Next Wednesday, the Insurance Department will be holding a hearing to address a proposed rate hike by Anthem Blue Cross Blue Shield, which would increase the premiums for some individual plan policy holders by 20 percent, effective on Jan 1.

The hearing comes two weeks after Insurance Commissioner Thomas R. Sullivan resigned from the post after lawmakers and healthcare advocates called for him to step down for approving another Anthem rate hike, this one for a 47 percent increase, without a public hearing.

Earlier today, Gov. M. Jodi Rell appointed Barbara Spear as acting Commissioner of the Insurance Department to fill the position until the Governor-elect Dan Malloy appoints someone to the post to take over when his administration takes office in January.

Prior to his resignation, Sullivan defended the rate hikes as necessary, due to increased cost incurred by insurance companies because of greater coverage requirements included in the new federal health care bill.

However, according to Anthem, the latest premium hike unlike the 47 percent increase in October has little to do with federal health care reform, in fact it applies to plans that were unaffected by the law. 
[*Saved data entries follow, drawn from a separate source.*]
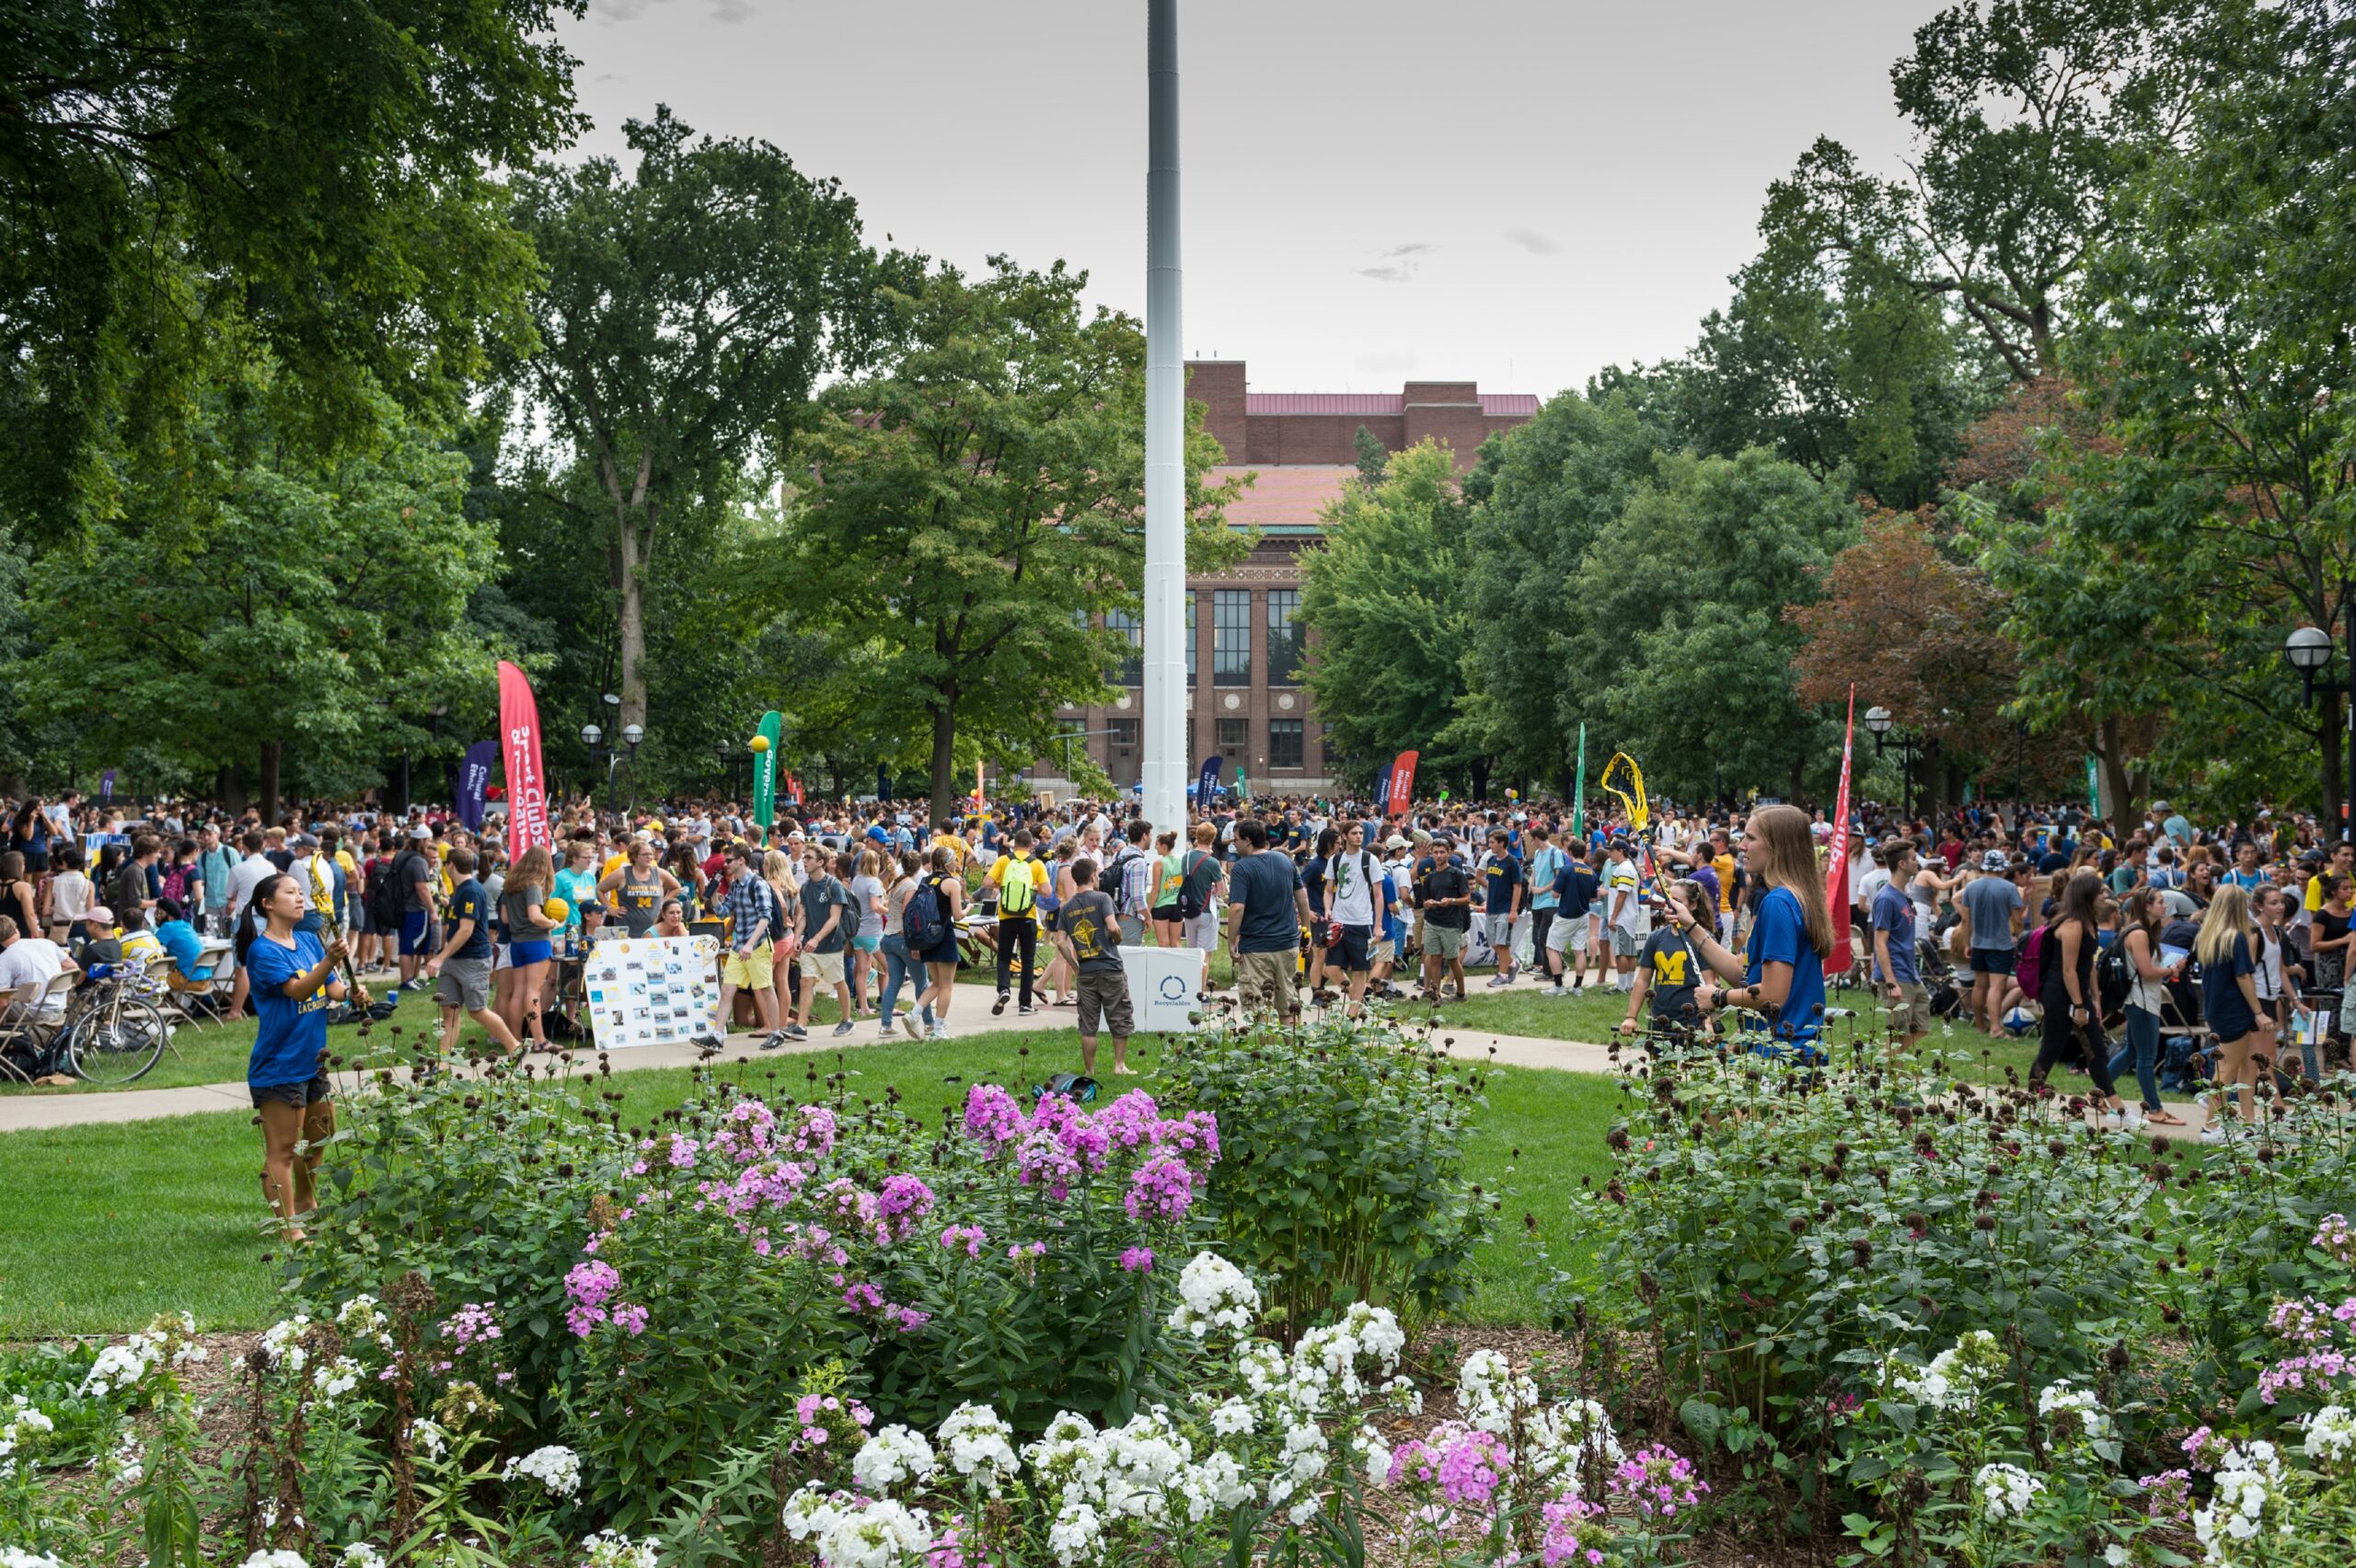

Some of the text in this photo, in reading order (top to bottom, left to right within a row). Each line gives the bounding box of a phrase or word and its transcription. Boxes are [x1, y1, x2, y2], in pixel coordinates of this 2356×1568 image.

[511, 728, 521, 745] &
[466, 763, 479, 790] Ethnic
[472, 766, 487, 801] Cultural
[521, 725, 547, 847] Sport Clubs
[1392, 769, 1404, 799] Wellness
[637, 896, 652, 907] M
[1654, 951, 1687, 980] M
[298, 998, 327, 1014] LACROSS
In a statement, the company said that it submitted to the Insurance Department “revised medical and prescription drug rates for our Grandfathered Individual health insurance plans such as Direct Pay BlueCare HMO, Century Preferred, Lumenos, and Tonik.  This filing is for those ‘grandfathered’ products that are not subject to some of the new requirements of the federal Patient Protection and Affordable Care Act (PPACA).”

The increased cost to costumers, Anthem is attributing to medical risks and the continually rising cost of health care in Connecticut.

But the Connecticut State Medical Society (CSMS), the state’s largest physician organization, has taken exception the insurance giant’s explanation, noting that the company has not increased payments to healthcare providers.

“Anthem is asking patients to pay a higher percentage of their medical costs through raising premiums, co-pays and out-of-network charges but challenging physicians to justify the cost of care,”  Matthew C. Katz, the group’s executive vice president, said in a statement.

On Tuesday the CSMS filed a petition with the Insurance Department for intervenor status to oppose the rate increase at the Nov. 17 hearing.

Though Anthem calls the hike an actuarially sound response to an internally-generated report that predicted healthcare costs to increase in the double-digits, a CSMS statement said the insurance company will have to explain those numbers in a public forum on Nov. 17.

“Anthem should have to justify how it can ask for more hard-earned money from patients when it is unwilling to pay physicians what they are owed for providing medical care,” the statement said.

The hearing will be held 9 a.m. Wednesday at the Insurance Department’s offices, 153 Market Street, Hartford.